For bronchiolitis, only the use of supplemental Oxygen is indicated for treatment; Bronchodilators, oral steroids, and ribavirin should not be used routinely in management.

In comparison to croup, bacterial tracheitis usually presents with high fever and a systemically toxic-appearing child. The patient has a poor response to treatment with racemic epi and steroids. The illness usually presents with a longer duration of symptoms than croup. In contrast to epiglottitis, the patient with bacterial tracheitis usually has an insidious onset of symptoms, and patients can exhibit both inspiratory and expiratory stridor. The patient with bacterial tracheitis is comfortable lying flat and will not drool. Patients with bacterial tracheitis usually have an elevated WBC count. First priority in these patients is intubation and suctioning the airway, which may have purulent secretions and a pseudomembrane; Broad spectrum IV ABX given and early PICU and ENT consults. Bugs: S. aureus, S. pneumoniae, alpha-hemolytic strep, and Moraxella catarrhalis.

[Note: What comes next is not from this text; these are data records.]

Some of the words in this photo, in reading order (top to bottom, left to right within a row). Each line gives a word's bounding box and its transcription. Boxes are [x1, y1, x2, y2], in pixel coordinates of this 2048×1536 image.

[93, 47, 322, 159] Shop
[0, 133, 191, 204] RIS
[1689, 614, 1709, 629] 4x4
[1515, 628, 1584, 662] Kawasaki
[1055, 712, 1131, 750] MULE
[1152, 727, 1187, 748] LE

Disorders causing supraglottic obstruction (i.e. epiglottitis) cause stridor that is mostly heard on inspiration.

Stridor that occurs due to glottic (i.e. croup) and tracheal (i.e. tracheitis) disorders is often biphasic or heard during both inspiration and expiration.

Expiratory stridor is often due to intrathoracic obstruction.

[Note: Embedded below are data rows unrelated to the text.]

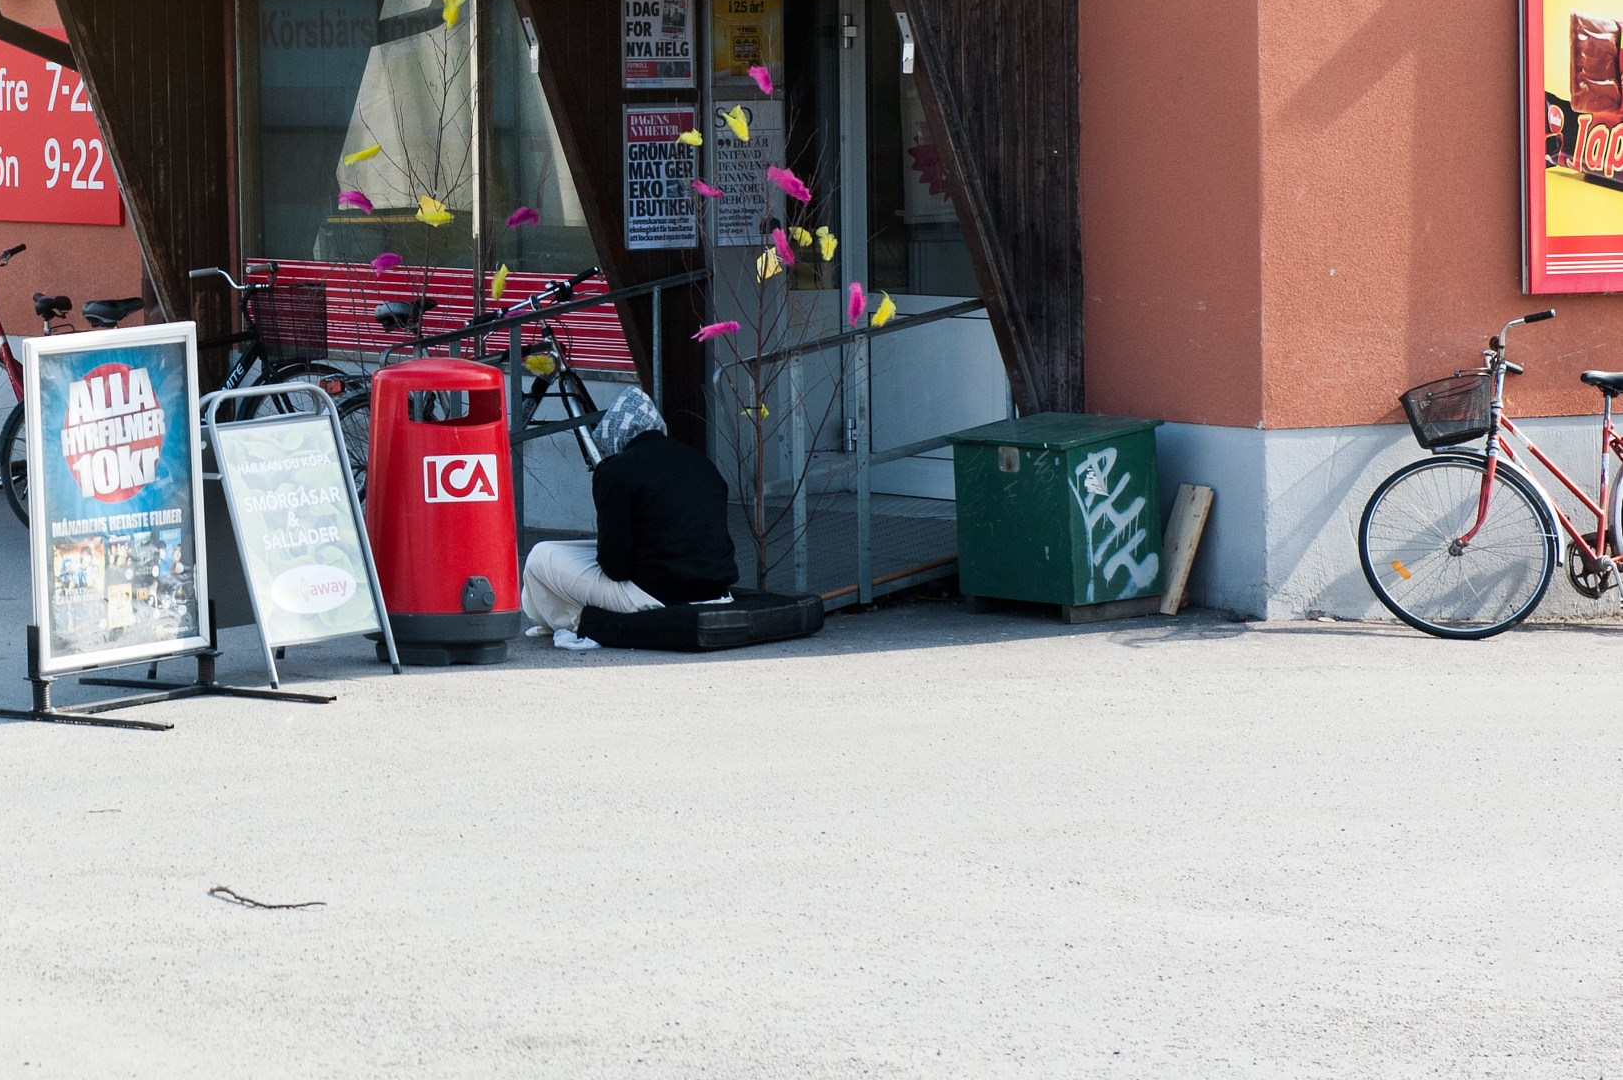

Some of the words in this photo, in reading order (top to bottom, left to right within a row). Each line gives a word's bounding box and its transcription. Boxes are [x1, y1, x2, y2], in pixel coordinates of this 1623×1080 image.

[625, 1, 630, 17] I
[633, 1, 660, 17] DAG
[728, 1, 732, 13] i
[733, 1, 748, 13] 25
[749, 1, 765, 13] år!
[626, 20, 652, 37] FÖR
[626, 41, 653, 58] NYA
[655, 41, 689, 57] HELG
[45, 61, 93, 112] 7-2
[630, 114, 670, 126] DAGENS
[715, 107, 753, 128] SD
[631, 125, 679, 137] NYHETER
[628, 142, 694, 161] GRÖNARE
[754, 137, 769, 148] ÄR
[44, 137, 105, 190] 9-22
[628, 161, 663, 180] MAT
[664, 161, 694, 178] GER
[629, 180, 664, 199] EKO
[629, 200, 634, 217] I
[635, 199, 695, 218] BUTIKEN
[68, 366, 155, 427] ALLA
[60, 407, 166, 458] HYRFILMER
[72, 443, 160, 500] 10kr
[236, 460, 257, 475] HÄR
[260, 460, 282, 473] KAN
[284, 458, 300, 469] DU
[302, 453, 331, 468] KÖPA
[427, 459, 496, 500] ICA
[244, 483, 341, 513] SMÖRGÅSAR
[51, 517, 108, 538] MÅNADENS
[108, 511, 149, 532] HETASTE
[148, 508, 182, 527] FILMER
[288, 510, 300, 528] &
[263, 525, 341, 551] SALLADER
[309, 580, 347, 597] away

On lat neck x-ray, to diagnose epiglottitis, the epiglottic width-to-third cervical vertebral width ratio greater than 0.5

Retropharyngeal abscesses are most common in those under age 4 since retropharyngeal lymph nodes are present at this age, often disappearing by age 4-5 years.

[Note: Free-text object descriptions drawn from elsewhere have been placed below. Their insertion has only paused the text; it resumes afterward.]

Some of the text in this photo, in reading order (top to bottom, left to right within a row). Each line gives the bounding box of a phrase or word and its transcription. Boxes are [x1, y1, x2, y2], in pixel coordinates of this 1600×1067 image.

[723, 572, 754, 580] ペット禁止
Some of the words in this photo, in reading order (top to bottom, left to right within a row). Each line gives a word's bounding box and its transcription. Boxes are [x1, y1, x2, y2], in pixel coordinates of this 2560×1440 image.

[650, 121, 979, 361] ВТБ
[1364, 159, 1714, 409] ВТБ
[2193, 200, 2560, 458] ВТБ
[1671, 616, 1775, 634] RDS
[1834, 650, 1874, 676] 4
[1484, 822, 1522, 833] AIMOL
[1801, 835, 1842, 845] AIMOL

The classic triad of rhabdomyolysis includes myalgias, muscle weakness, and dark urine (myoglobinuria). Elevations in CK are diagnostic, not prognostic. A U/A positive for blood with the absence of RBC’s occurs. Tx=aggressive hydration, alkalinization of the urine, and adequate diuresis to prevent the development of ARF. The most devastating complication is ARF; others are hyperkalemia, hypocalcemia from deposition of the calcium in the injured tissues, both leading to arrhythmias.

For dehydration maintenance fluids, do 4 cc/kg/hr for the first 10kg, then 2 cc/kg/hr for the next 10 kg, and for the remaining weight, give 1 cc/kg/hr.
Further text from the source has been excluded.